Phase pulse (a), current effective pulse number code (b), and effective pulse number code (c) stored in the output buffer
Shows the relationship.

If it is determined in step S12 that both count values in the FWD direction and the REV direction are equal, it is considered that the jog dial 6 has not moved, or the jog dial 6 has been alternately rotated in both directions. Is set to "0" (step S28), and the process returns to the main flow through steps S26 and S27.

In addition, in the above-described embodiment, the case where the invention is applied to the determination of the rotation direction of the jog dial 6 in the video disc player has been described, but the invention is not limited to this.
It can also be applied to the determination of the rotation direction of a general rotating body. Further, the pulse generating means for generating the two-phase pulse is not limited to the contact type, but may be a non-contact type such as an optical type, but the present invention is a contact type that easily causes chattering.

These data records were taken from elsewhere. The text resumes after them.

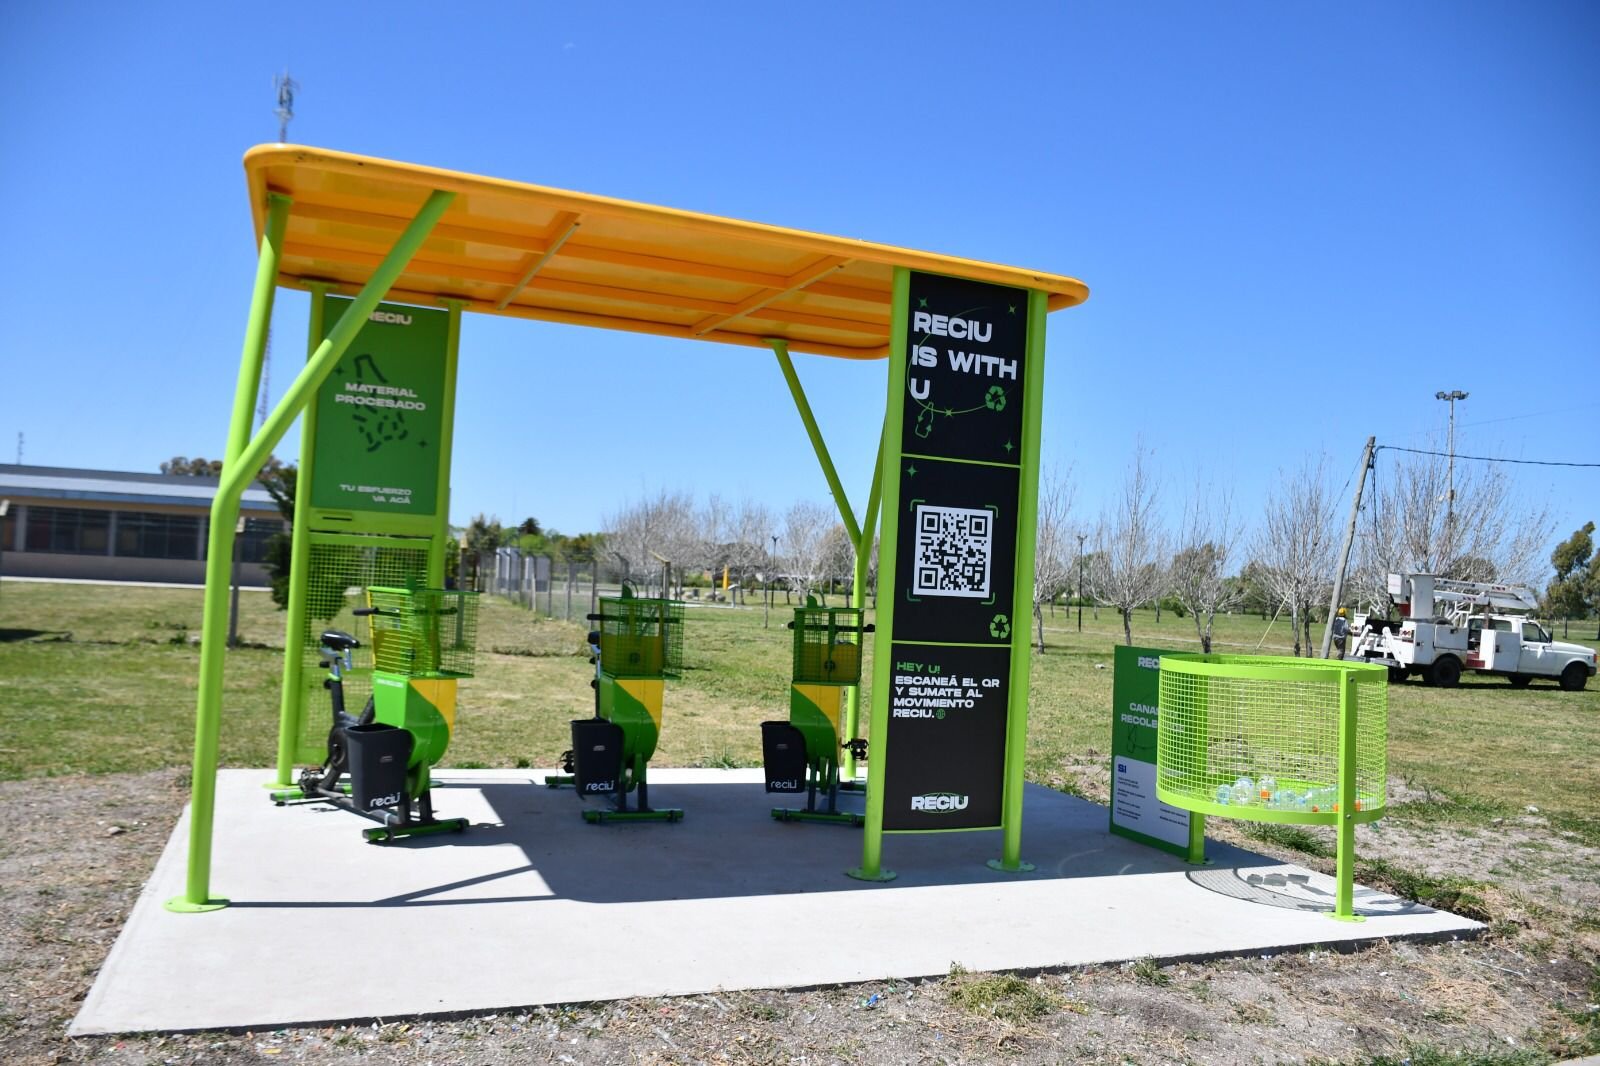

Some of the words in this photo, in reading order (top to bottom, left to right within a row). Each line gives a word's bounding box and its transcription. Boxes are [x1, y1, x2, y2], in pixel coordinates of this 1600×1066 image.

[913, 311, 993, 343] RECIU
[911, 344, 938, 368] IS
[948, 349, 1017, 380] WITH
[345, 382, 418, 398] MATERIAL
[910, 378, 931, 400] U
[335, 394, 426, 411] PROCESADO
[339, 484, 356, 492] TU
[357, 485, 412, 496] ESFUERZO
[896, 662, 924, 672] HEY
[928, 665, 941, 674] U!
[1137, 656, 1160, 669] REC
[895, 675, 958, 687] ESCANEÁ
[962, 677, 978, 687] EL
[982, 678, 1000, 688] QR
[895, 687, 904, 696] Y
[908, 687, 962, 698] SUMATE
[966, 688, 983, 698] AL
[893, 698, 975, 709] MOVIMIENTO
[892, 709, 935, 719] RECIU.
[911, 795, 969, 810] RECIU

It is especially effective when applied to.

EFFECTS OF THE INVENTION As described above, according to the rotation direction determination method of the present invention, the pulse level of one of the two-phase pulses generated with the rotation of the rotating body to the other pulse level within the predetermined time The number of pulses at high level and the number of pulses at low level are each counted, and the rotation direction of the rotating body is determined based on the pulse level with the larger count, so rotation is not affected by chattering. Stable and accurate direction determination is possible from low speed to high speed rotation of the body.

[Brief description of drawings]

FIG. 1 is a block diagram showing the configuration of a video disc player to which the method for determining the rotation direction of a rotating body according to the present invention is applied, FIG. 2 is a flow chart of a pulse detection routine executed by a processor, and FIG. 3 is executed by the processor. FIG. 4 is a flowchart showing the procedure of the rotation direction determination method according to the present invention. FIG. 4 is a pulse (a) of phase A in the FWD direction, effective pulse number code (b) of this time, and effective pulse number code stored in the output buffer. FIG. 5 is a waveform diagram for explaining the principle of rotation direction determination based on two-phase pulses, and FIG. 6 is a waveform diagram for explaining the operating principle of the present invention. is there. Explanation of symbols of main parts 1 ... Video disc 3 ... Optical pickup 6 ... Jog dial 8 ... A phase conductor group, 9 ... B phase conductor group 12 to 14 ... Brush, 19 ... Controller

Claims (1)

[Claims] 1. A determination method for determining a rotation direction of a rotating body based on a pulse level of one pulse edge of a two-phase pulse generated with the rotation of the rotating body, the pulse direction being within a predetermined time. The pulse number when the other pulse level with respect to the one pulse edge in is high level and the pulse number when the other pulse level is low level are respectively counted, and the rotation of the rotating body is based on the pulse level with the larger count number. A determination method characterized by determining a direction.